When the folk singer and story teller Sarah Kay Lee was young she wanted to be a “princess , ballerina astronaut” but she eventually realized she could not. When I am in a bitchy mood I would say all that she had to do was to adopt an Indian mother from Bay Area, she would be the princess of her parents life, there would be those compulsory dance classes of course it would not be Ballet it would “Bharatnatyam” or Kathak and of course her mother would supervised her homework and buttered up teacher to ensure she made grade to join the “Stanford/Berkley engineering program” so being an astronaut would be a given follow up.
But let’s get honest why not?
When I joined med-school I focused only on dentistry. Then I got married my daughter came along I had a private practise but life was good, I satisfied my creative instinct by experimenting in the kitchen you see I was handed the superwoman cape – i had to be the ideal daughter-in-law, mother, wife and have practise and ideal meant what was the accepted ideal. It meant i should not be better known than my husband I should not earn more than my husband, cooking and cleaning the house was my portfolio. Believe me I lived with this motif till three years ago.
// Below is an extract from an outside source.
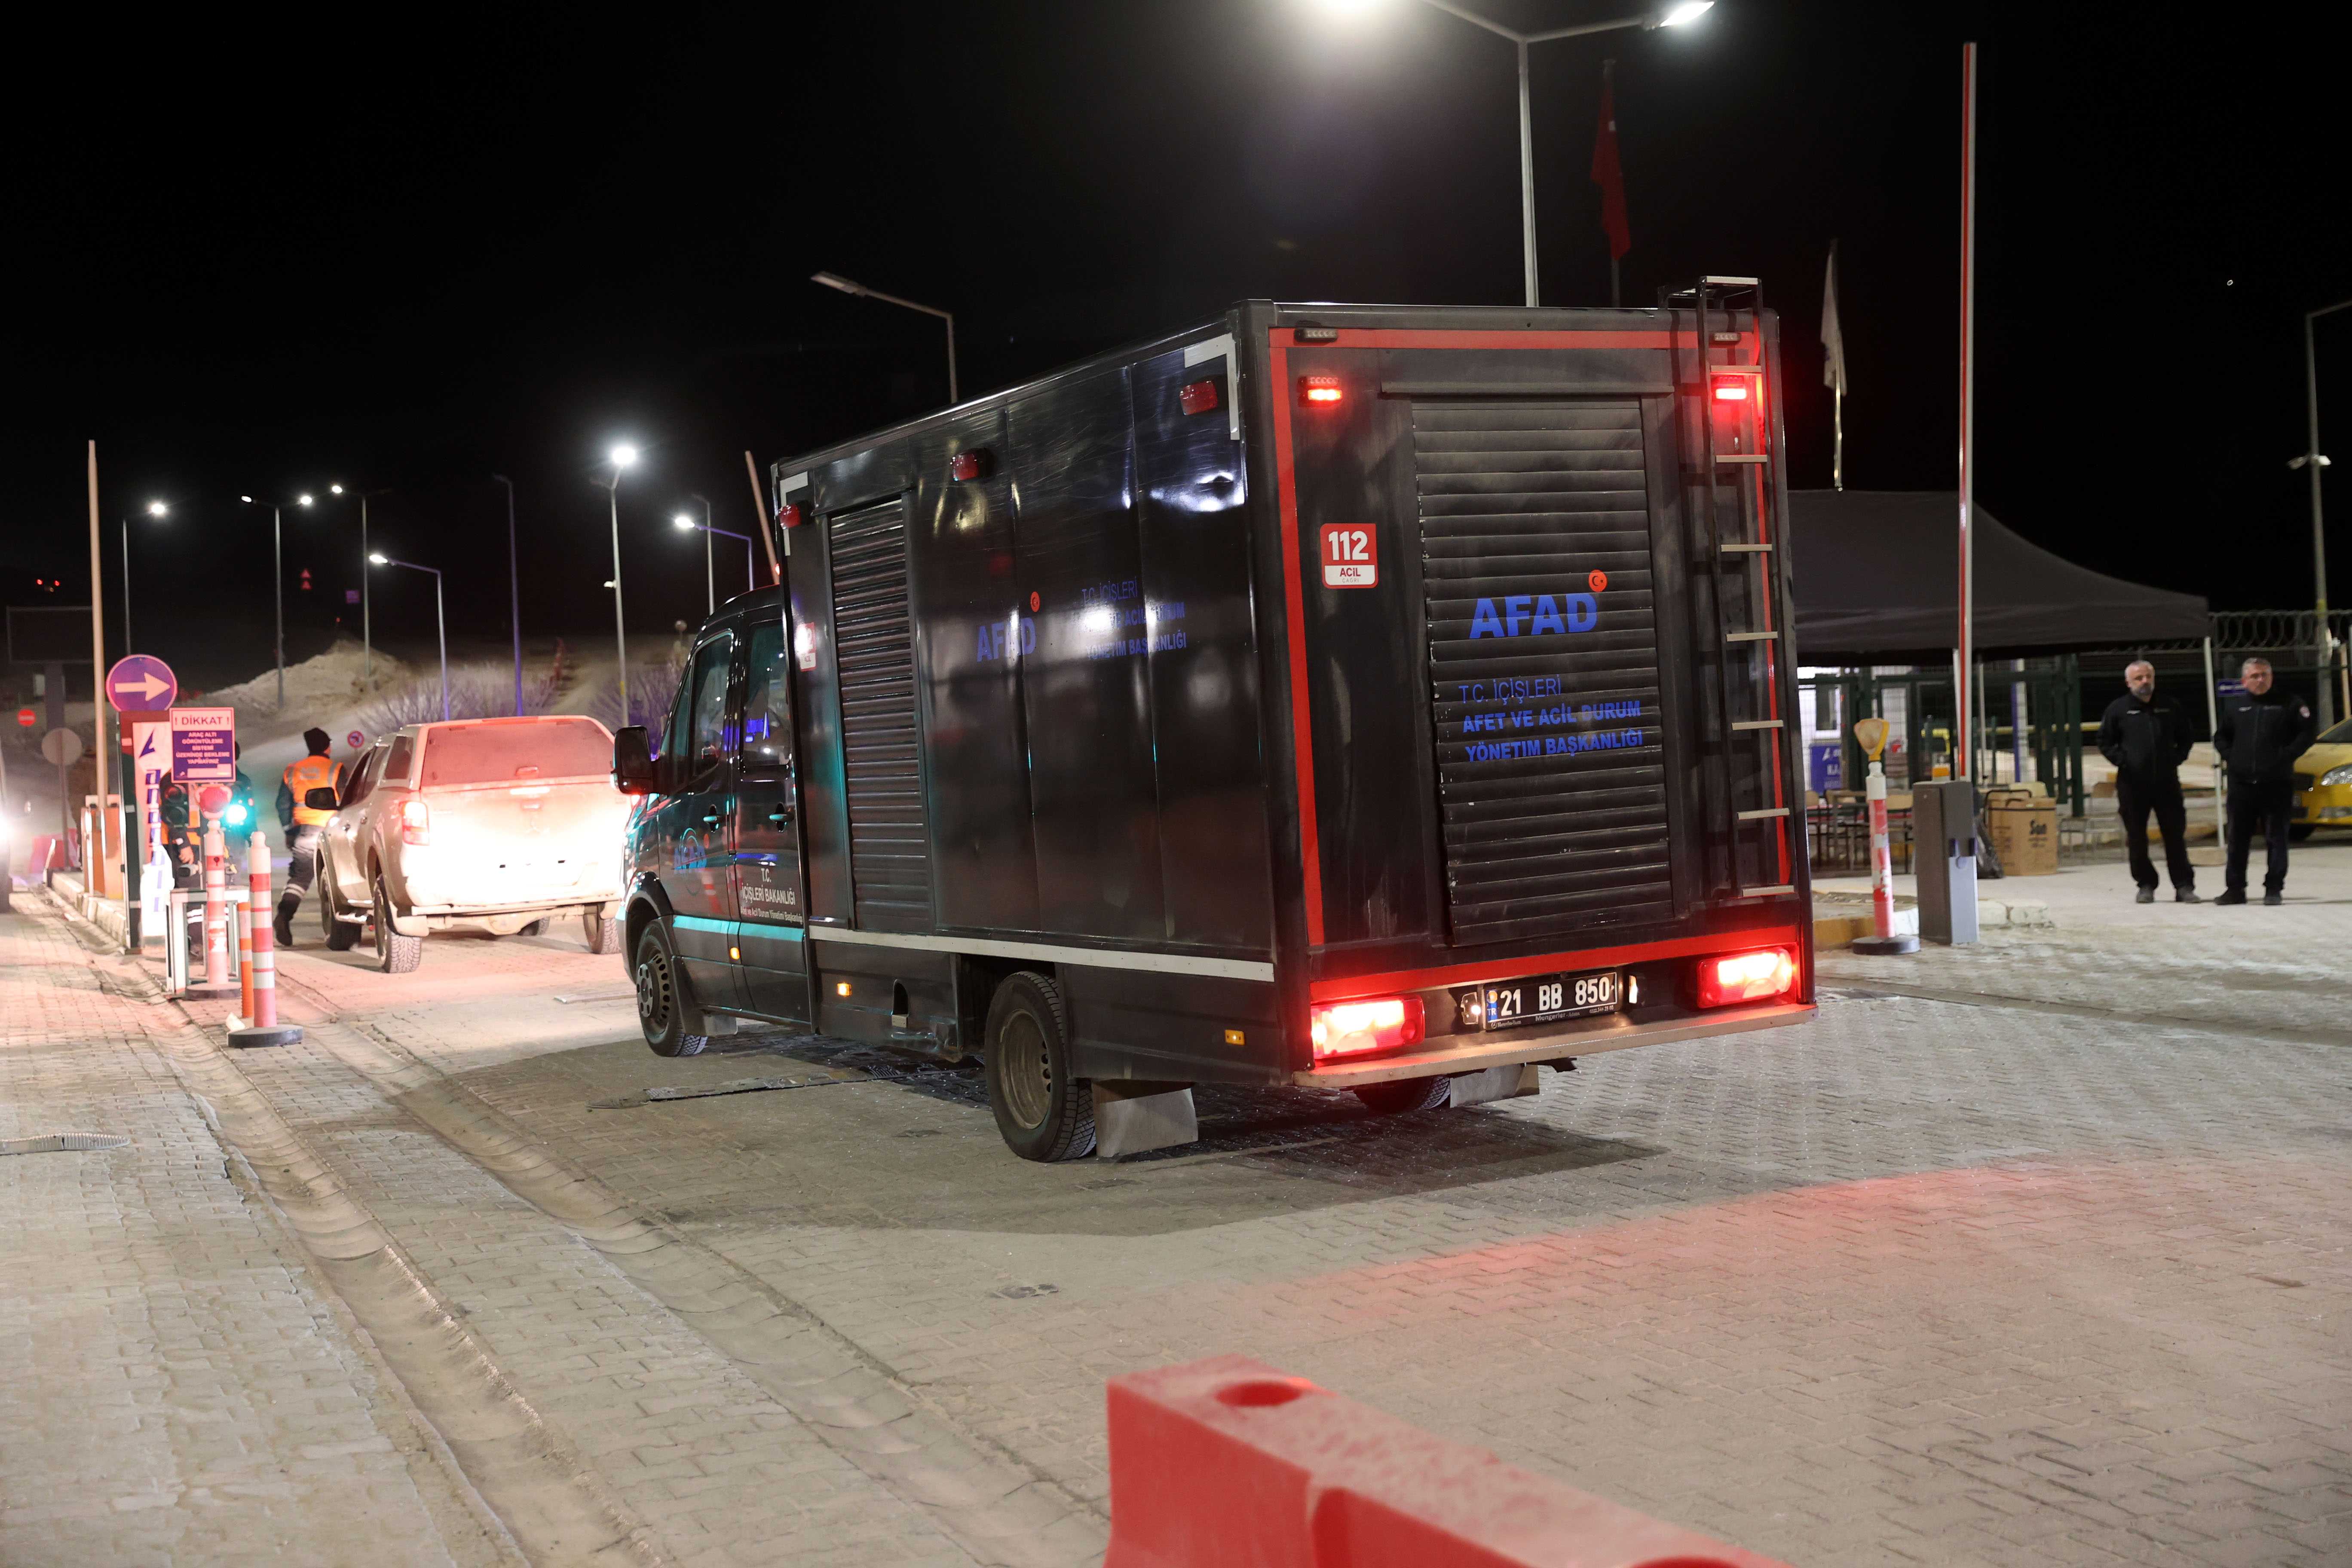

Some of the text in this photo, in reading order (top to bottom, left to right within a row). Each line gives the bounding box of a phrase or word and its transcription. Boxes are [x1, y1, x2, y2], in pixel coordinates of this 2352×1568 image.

When I conceived my daughter, I went home for delivery, and Mrs.Sonal Mansingh had her workshop. Suddenly I realized how much of dance I missed. Actually it was not classical dancing I liked garbha, gidda, disco whatever, but being a trained dancer that was the maximum I could to social acceptance.
Anyway back to my journey, my first jolt in life came when the crab called. The crab calling meant getting a warrant though I realized it was fake fright the crab had not yet settled in before I could take stock I had my first accident. As I recovered I realized my ankle was frozen it was terrible to move it. and going to the physiotherapist was a challenge. That’s when I picked dancing over again.
Somehow this time round, I did not think of anything I just started practising before i knew what was happening I was conducting classes at the school of drama and that meant researching and a journey began. It was not really tough handling practise, home, kids and theatre. Since the only non negotiable line I had was children first.
Since I focused on tobacco rehabilitation in my clinic the new twist to my career came, I became a health trainer, learning things strictly on need base, when people became aware of my theatre skills those trainings came on too. So some of my clinical appointments got translated into training sessions.
With my third calamity that is 40% burn I have re-invented myself as a technical writer of medical articles and an avid blogger.
At one point during this whole journey I had an uncle who very disgustedly asked me, “why are you meandering around.” That put me into a shell I stopped sharing my work. Another time my brother asked me, “at the end of the day how many dollars does all this convert to” I was depressed because then it did not translate to dollars.
Last month when I participated in SHEROES, Karthiga Reddy of FB used a beautiful phrase – the tyranny of OR, https://parwatisingari.wordpress.com/2014/12/31/overthrowing-the-tyranny-
When i did manage to accommodate instead of choose one over the either I found myself calmer and achieving things. It also meant lot of things I did withered away while newer ones that were more important to my greater goal came through.
As of-or/Today if my brother tells me, “focus on one thing you will be a success” I would definitely tell me it depends on your definition of success for my definition is living each minute passionately. When I am clinic I am there 100% at the theatre I there when I am writing or doing training I there.
The only non negotiable is attending to my children. Yes call me schizophrenic I am and I am proud of my versatility. I am but a gypsy on a mystic journey looking for a mythical utopia.